I agree with InstituteMan, great last line.

I can't imagine someone saying, “I'm glad you said that. I feel the same.”

I wouldn't think, 'I didn't want to feel the passion welling up inside of me', it's too elegant.


----------



## Snowflake (Aug 9, 2015)

InstituteMan said:


> First off, I really like the way you end that section: "I don't know what made me say it was too soon. It wasn't." That's a line that makes me envious.
> 
> On the larger issue of trite or passionate: who knows? Context matters a lot, and genre and audience matters even more. A bit from a young adult novel is going to seem awful trite to us more (ahem) seasoned adults, but will seem plenty passionate to the intended readers. Meanwhile, what us seasoned readers would call passionate might be entirely missed by the youngsters.
> 
> ...



He said, "I have strong feelings for you" because that's the kind of guy he is.

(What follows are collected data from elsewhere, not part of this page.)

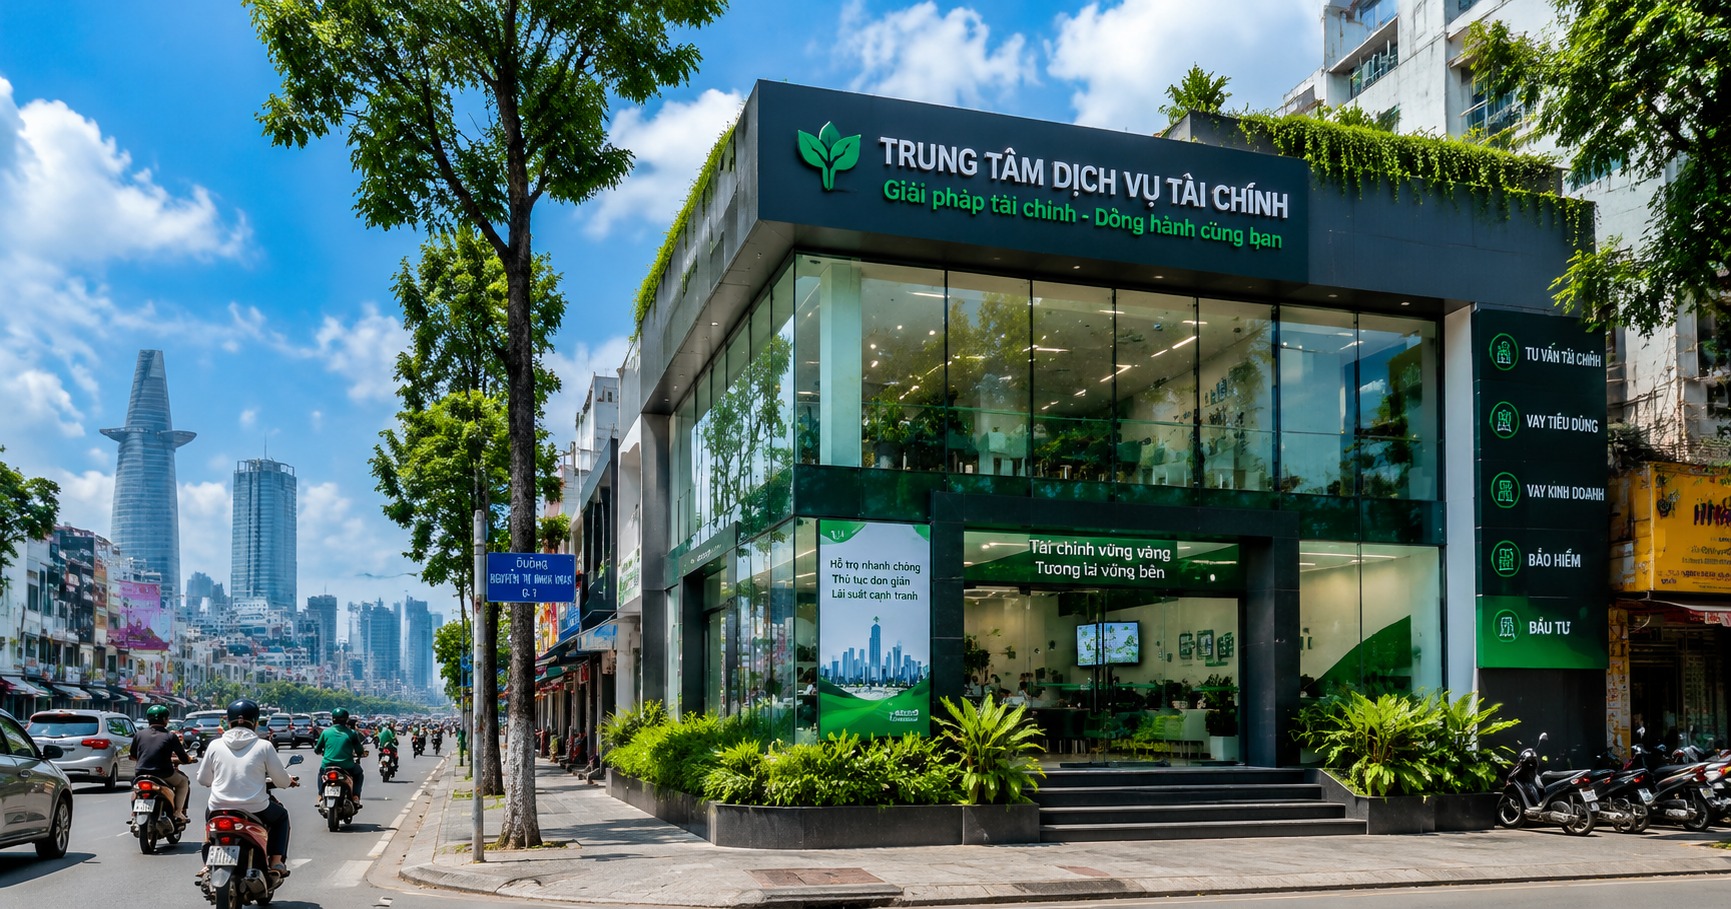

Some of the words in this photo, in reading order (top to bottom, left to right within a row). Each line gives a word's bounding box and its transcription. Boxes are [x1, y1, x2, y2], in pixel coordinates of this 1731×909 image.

[879, 136, 978, 177] TRUNG
[984, 147, 1045, 187] TÂM
[1052, 160, 1117, 198] DỊCH
[1123, 171, 1161, 208] VỤ
[1213, 182, 1289, 219] CHÍNH
[1526, 414, 1546, 429] VAY
[1526, 484, 1546, 498] VAY
[862, 560, 890, 571] nhanh
[895, 591, 918, 601] tranh

Sensitive.  

   I don't think I know what the "typical" man would say that means the same as "I have feelings for you."  Do you?  The way he professes his love, especially the first time, says a lot about a man.  

  No, it's not meant to appeal solely to women, but I sure hope it's not a turnoff to men.


----------



## Snowflake (Aug 9, 2015)

EmmaSohan said:


> I agree with InstituteMan, great last line.
> 
> I can't imagine someone saying, “I'm glad you said that. I feel the same.”
> 
> I wouldn't think, 'I didn't want to feel the passion welling up inside of me', it's too elegant.



Ok, I think I agree with you about, "I'm glad you said that." I'll have to delete it.

Your comment saying, it's too elegant confuses me.  What's wrong with elegance?  That's exactly what I want it to be.


----------



## InstituteMan (Aug 9, 2015)

Snowflake said:


> That's the kind of guy he was.   I don't think I know what the "typical" man would say that means the same was "I have feelings for you."  Do you?  No, it's not meant to appeal solely to women.



Well, a typical guy might drool or something. If he was verbally advanced, he might say, "you're really hot."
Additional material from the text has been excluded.